Because we’re all still figuring out what the ramifications of being locked away and frozen in time by a global pandemic will have on us as a society, there really is no “right” way of making up for lost time. Feeling unprepared for any new chapter of life is a natural rite of passage, pandemic or not. However, it’s important to not stay stuck in the last age or period of life that made sense to us because self-growth is the truest evidence of personal progress.

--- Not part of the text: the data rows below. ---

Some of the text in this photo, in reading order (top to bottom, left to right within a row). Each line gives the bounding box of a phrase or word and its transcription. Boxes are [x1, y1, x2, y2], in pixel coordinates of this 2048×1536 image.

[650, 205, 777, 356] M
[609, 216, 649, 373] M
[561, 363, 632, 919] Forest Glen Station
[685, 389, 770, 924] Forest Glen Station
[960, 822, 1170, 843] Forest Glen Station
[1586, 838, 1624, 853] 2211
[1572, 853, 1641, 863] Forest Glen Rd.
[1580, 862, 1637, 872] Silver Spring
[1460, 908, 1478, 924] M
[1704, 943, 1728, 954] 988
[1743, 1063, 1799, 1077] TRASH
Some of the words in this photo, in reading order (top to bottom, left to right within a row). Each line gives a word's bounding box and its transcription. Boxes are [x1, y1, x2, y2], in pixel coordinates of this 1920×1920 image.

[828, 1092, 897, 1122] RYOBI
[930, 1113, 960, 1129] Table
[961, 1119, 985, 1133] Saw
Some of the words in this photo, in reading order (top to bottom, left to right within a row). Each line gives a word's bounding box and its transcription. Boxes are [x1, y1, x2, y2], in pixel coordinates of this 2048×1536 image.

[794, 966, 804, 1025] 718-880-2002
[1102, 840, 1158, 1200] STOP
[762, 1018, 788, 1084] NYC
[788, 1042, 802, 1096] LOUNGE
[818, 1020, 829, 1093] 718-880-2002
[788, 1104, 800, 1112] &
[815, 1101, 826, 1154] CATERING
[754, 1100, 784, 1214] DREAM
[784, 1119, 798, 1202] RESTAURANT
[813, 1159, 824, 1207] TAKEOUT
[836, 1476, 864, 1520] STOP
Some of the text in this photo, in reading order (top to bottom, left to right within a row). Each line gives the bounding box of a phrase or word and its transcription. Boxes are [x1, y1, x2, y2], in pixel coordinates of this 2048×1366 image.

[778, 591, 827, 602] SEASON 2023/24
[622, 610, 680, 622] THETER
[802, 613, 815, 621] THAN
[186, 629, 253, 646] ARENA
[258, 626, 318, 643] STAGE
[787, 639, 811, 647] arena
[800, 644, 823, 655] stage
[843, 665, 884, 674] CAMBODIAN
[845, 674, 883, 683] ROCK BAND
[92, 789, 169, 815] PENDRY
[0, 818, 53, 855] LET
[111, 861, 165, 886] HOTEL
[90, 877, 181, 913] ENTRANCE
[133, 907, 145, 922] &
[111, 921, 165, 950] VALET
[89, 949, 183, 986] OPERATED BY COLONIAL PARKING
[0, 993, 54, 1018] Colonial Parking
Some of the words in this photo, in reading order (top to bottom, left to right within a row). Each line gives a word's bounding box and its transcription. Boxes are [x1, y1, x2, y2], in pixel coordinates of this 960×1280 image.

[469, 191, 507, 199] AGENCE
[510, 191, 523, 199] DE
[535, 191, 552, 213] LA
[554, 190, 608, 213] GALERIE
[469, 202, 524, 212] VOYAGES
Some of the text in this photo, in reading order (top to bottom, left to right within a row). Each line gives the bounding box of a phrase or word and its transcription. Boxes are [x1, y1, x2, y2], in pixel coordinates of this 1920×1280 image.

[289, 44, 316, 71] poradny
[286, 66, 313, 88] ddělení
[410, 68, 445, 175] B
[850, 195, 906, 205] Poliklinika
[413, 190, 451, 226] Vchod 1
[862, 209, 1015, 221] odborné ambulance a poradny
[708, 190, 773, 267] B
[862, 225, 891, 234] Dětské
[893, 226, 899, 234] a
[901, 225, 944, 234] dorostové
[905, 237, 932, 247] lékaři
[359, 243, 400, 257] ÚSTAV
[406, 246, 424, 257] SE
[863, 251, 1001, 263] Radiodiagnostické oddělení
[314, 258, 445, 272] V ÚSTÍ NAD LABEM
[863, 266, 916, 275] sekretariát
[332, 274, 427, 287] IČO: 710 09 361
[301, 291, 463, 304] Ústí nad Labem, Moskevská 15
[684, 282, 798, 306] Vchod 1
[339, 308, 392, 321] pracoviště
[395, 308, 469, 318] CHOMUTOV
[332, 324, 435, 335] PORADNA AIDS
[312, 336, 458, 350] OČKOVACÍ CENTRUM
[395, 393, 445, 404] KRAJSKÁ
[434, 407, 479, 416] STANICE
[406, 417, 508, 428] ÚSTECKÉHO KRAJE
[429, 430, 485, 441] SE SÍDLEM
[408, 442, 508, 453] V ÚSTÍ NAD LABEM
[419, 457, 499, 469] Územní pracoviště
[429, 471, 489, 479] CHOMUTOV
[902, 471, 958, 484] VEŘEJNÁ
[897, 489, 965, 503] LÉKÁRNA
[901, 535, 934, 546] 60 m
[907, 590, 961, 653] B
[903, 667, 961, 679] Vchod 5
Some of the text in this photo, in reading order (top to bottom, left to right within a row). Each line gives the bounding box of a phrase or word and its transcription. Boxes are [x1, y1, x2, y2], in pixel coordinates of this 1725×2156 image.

So whether you’re leaning on your inner child, teenager, or 20-something for guidance as you fill the gap between your real age and pandemic age, know that it’s okay to grieve the person you thought you would be and the milestones you thought you’d hit before you ever knew what a pandemic was. If there’s anything that the pandemic taught us, it’s that we have the power to reimagine a better world and life for ourselves. And if we tap into our inner teenager as a compass, we can piece together our next chapter with a fresh outlook.
Sure, we’ve lost a couple of years, but there are still some really amazing ones ahead.